Si consideramos que el objetivo al que se refiere Riegl es la conservación de los monumentos, ¿cabe cuestionar lo que exactamente queremos conservar? Se habla de aspectos históricos, artísticos, culturales, de antigüedad, etcétera, y con esto estamos hablando de valores. ¿Qué hace que un edificio, un documento, un cuadro, una ruina, un libro, una película o cualquier otro artefacto deba ser conservado? Atribuimos y asociamos valores para encontrar un significado que haga que aquel bien deba permanecer accesible a las generaciones futuras, y esto va más allá de la materialidad.
Esta comprensión, ampliamente estudiada y discutida por conservadores-restauradores y por estudiosos de la memoria social, es a menudo deficitaria en aquéllos con poder de decisión e influencia. Nuestro patrimonio cultural más importante está, en general, al cuidado del Estado, que debería actuar como fiel depositario y velar por los bienes que pertenecen a todos nosotros, pero no siempre ésta es la realidad. Cuando la dirección de instituciones encargadas de la custodia y conservación del patrimonio es ocupada políticamente por burócratas ajenos a las intrincadas cuestiones que atraviesan esta actividad, se crea una condición de alto riesgo para el mantenimiento de sitios y colecciones. Decisiones basadas en intereses económicos, electorales o cualquier otro que no se ampare en el cuidado de lo que nos representa como ciudadanos, pueden tener consecuencias desastrosas. Estos gestores son la expresión máxima de una población que no tuvo –y sigue sin tener– acceso a una educación patrimonial mínimamente adecuada. Y Dehio ya puntualizaba en 1905:
En todas las clases sociales debe penetrar la sensación de que un pueblo que posee tantos monumentos artísticos es un pueblo noble. Sólo cuando el pueblo está instruido sobre los argumentos del tema, entonces puede asumir la responsabilidad de una decisión en el momento en que surja un conflicto entre el presente y el pasado. Nosotros queremos practicar el cuidado de los monumentos, sin sentimentalismos, sin pedantería, sin arbitrariedad romántica, como una expresión espontánea y natural de respeto hacia nosotros mismos, y como reconocimiento del derecho de los muertos por el bien de los vivos (Dehio, 2018: 39).

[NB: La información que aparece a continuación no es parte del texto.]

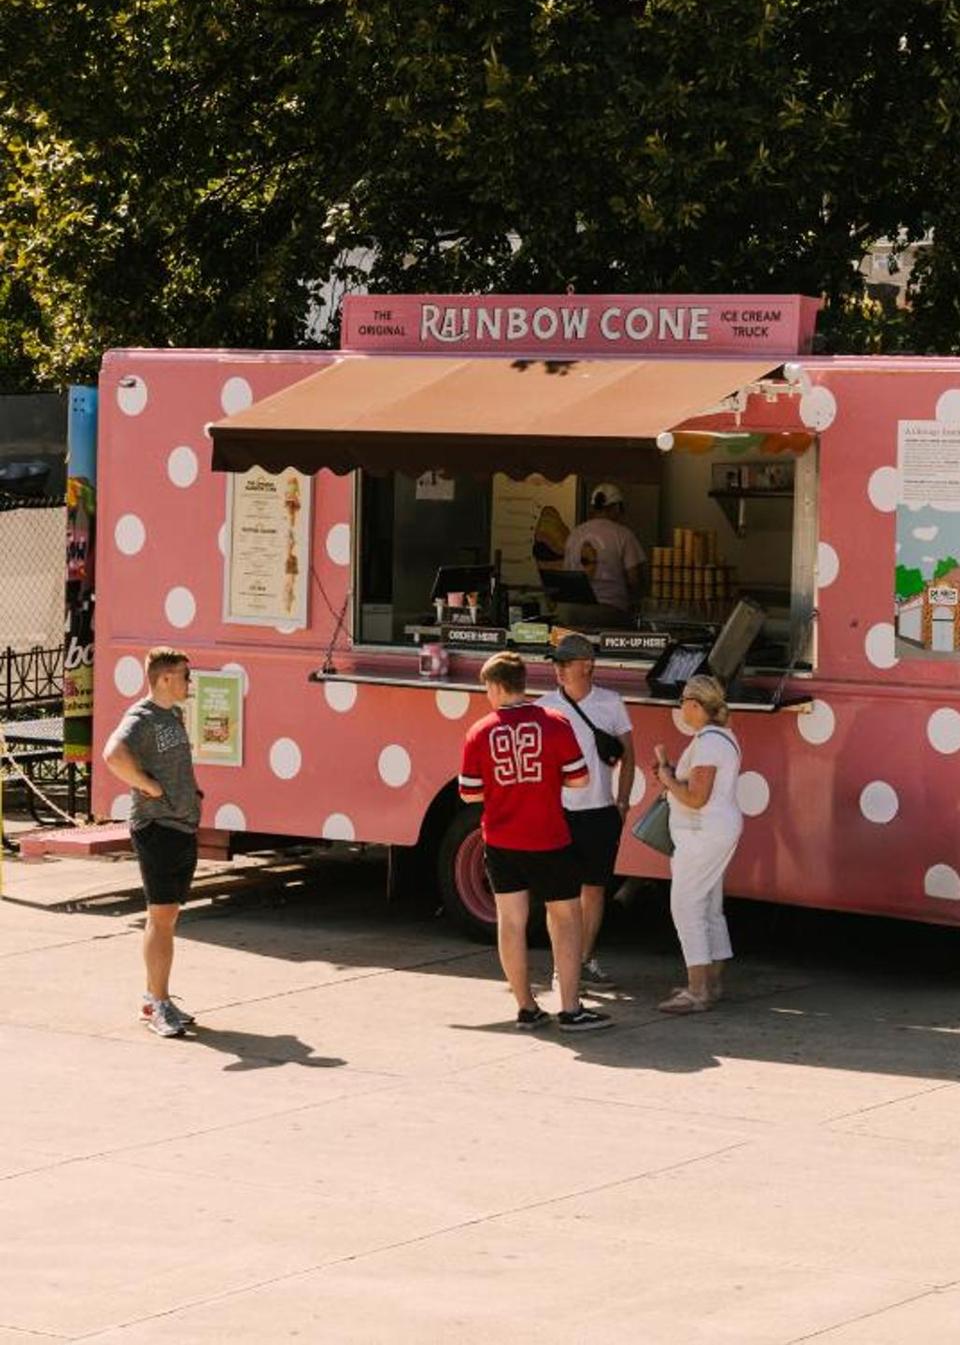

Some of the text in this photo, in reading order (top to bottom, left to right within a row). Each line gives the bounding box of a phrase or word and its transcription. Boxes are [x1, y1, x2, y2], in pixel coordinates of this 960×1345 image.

El final del siglo XX e inicio del XXI vieron surgir un fenómeno que nos viene impactando bajo varios aspectos: internet. Si por un lado nos permite compartir pensamientos y experiencias por medio del contacto instantáneo con colegas de todas partes y nos da acceso a una cantidad casi infinita de información de calidad, también permite un flujo enorme de información y opiniones no especializadas que contribuyen a aumentar el riesgo para nuestro patrimonio. Incluye desde fórmulas de limpieza, tutoriales de “hágalo usted mismo”, divulgación de trabajos hechos por personas sin formación y haciendo uso de acercamientos equivocados, hasta opiniones de lo más variadas sobre conservación y restauración. Si bien por un lado es interesante porque hace que los profesionales vengan al público a exponer y esclarecer sobre su actuación, su formación y sus proyectos –y esto contribuye a la educación patrimonial–, por otro lado provoca una tensión entre gestores y especialistas cuyo el resultado no siempre es el más adecuado desde el punto de vista de la conservación del patrimonio.
Como conservadores partimos de la convicción de que el “cómo conservar” está subordinado al “por qué conservar”, así como al “qué conservar”. Sin embargo, quedan cuestiones como ¿conservamos materia o conservamos valores? ¿Conservamos un espíritu o un sentimiento? Si tenemos claridad sobre lo que es y por qué estamos interviniendo en un objeto, podremos definir mejor cómo actuar y establecer los límites de nuestra acción, en términos de extensión y profundidad.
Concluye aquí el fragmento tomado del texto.